## TASK TO CARRY OUT
Exclude images and print all the records verbatim.

Dataset entries
------

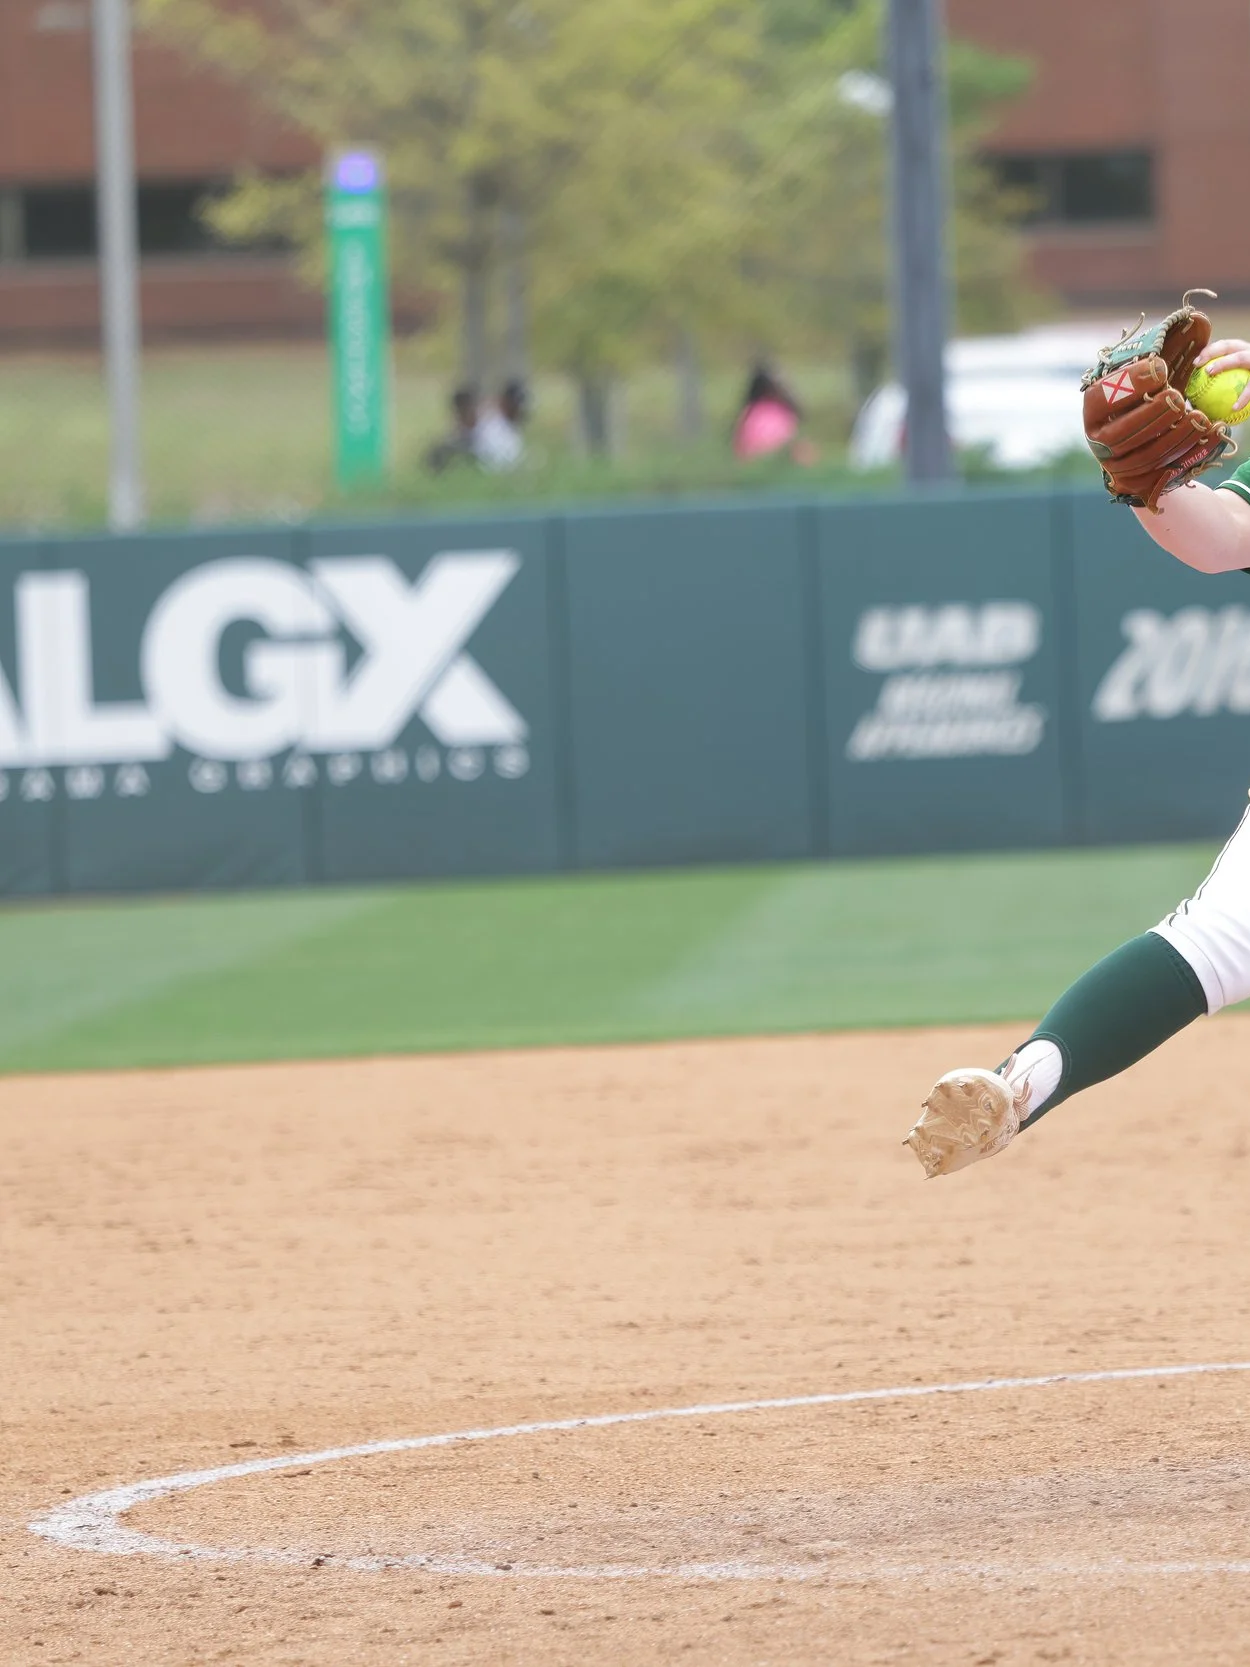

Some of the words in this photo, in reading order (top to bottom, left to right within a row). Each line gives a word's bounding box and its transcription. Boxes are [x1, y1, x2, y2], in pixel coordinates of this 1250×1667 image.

[0, 548, 528, 769] LGX
[853, 599, 1042, 671] UAB
[188, 742, 530, 793] GRAPHICS
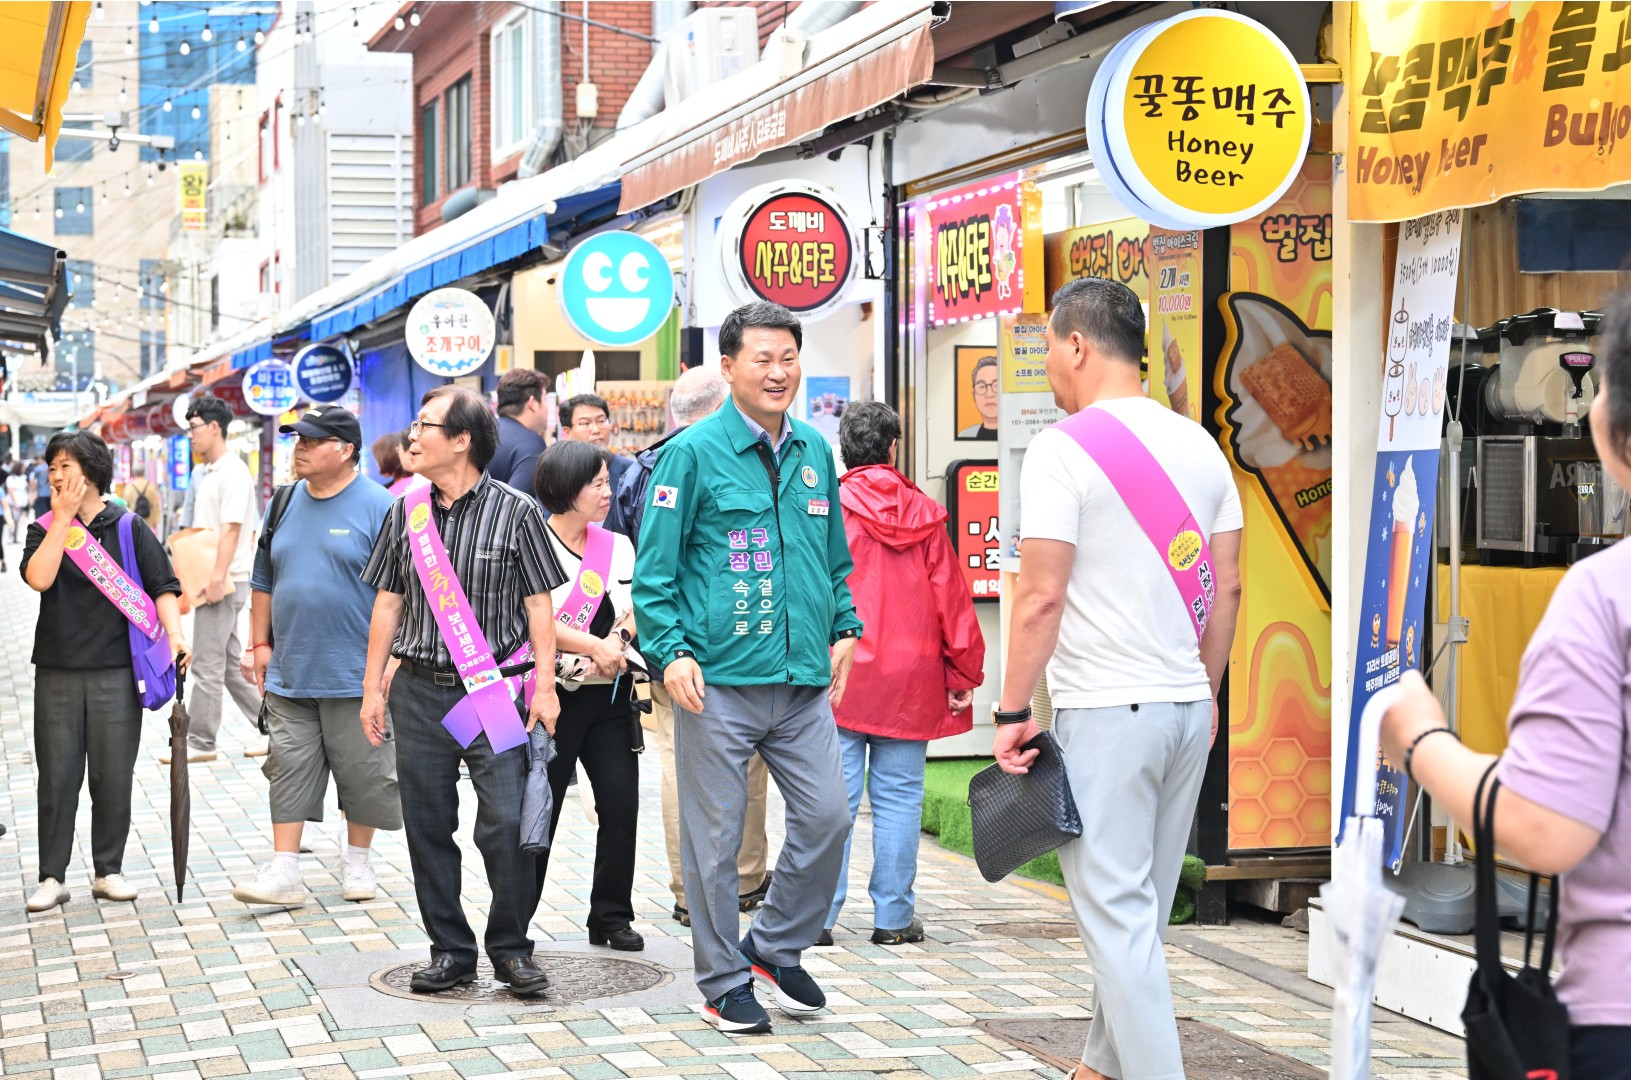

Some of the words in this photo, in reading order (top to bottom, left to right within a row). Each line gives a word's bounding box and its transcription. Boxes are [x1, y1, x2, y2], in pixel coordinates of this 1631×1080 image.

[1168, 130, 1254, 164] Honey
[1176, 159, 1244, 187] Beer
[1357, 145, 1431, 196] Honey
[769, 210, 825, 233] 도깨비
[1167, 230, 1199, 250] 아이스크림
[1261, 213, 1332, 262] 벌집
[754, 240, 836, 288] 사주&타로
[937, 216, 992, 304] 사주&타로
[1117, 235, 1149, 283] 아
[1160, 267, 1177, 288] 2개
[1158, 294, 1192, 313] 10,000원
[426, 335, 480, 353] 조개구이
[1029, 347, 1049, 355] 아이스
[1568, 355, 1587, 363] PULL
[1034, 369, 1047, 377] 아이
[448, 611, 478, 659] 보내세요
[466, 652, 491, 667] 해운대구

------

## WRITTEN ANSWER
Some of the words in this photo, in reading order (top to bottom, left to right within a row). Each line gives a word's bounding box and its transcription. Boxes are [x1, y1, x2, y2], in pixel coordinates of this 1250×1667 image.

[0, 548, 528, 769] LGX
[853, 599, 1042, 671] UAB
[188, 742, 530, 793] GRAPHICS

Some of the words in this photo, in reading order (top to bottom, left to right within a row). Each line gives a word's bounding box and its transcription. Boxes are [x1, y1, x2, y2], in pixel coordinates of this 1631×1080 image.

[1168, 130, 1254, 164] Honey
[1176, 159, 1244, 187] Beer
[1357, 145, 1431, 196] Honey
[769, 210, 825, 233] 도깨비
[1167, 230, 1199, 250] 아이스크림
[1261, 213, 1332, 262] 벌집
[754, 240, 836, 288] 사주&타로
[937, 216, 992, 304] 사주&타로
[1117, 235, 1149, 283] 아
[1160, 267, 1177, 288] 2개
[1158, 294, 1192, 313] 10,000원
[426, 335, 480, 353] 조개구이
[1029, 347, 1049, 355] 아이스
[1568, 355, 1587, 363] PULL
[1034, 369, 1047, 377] 아이
[448, 611, 478, 659] 보내세요
[466, 652, 491, 667] 해운대구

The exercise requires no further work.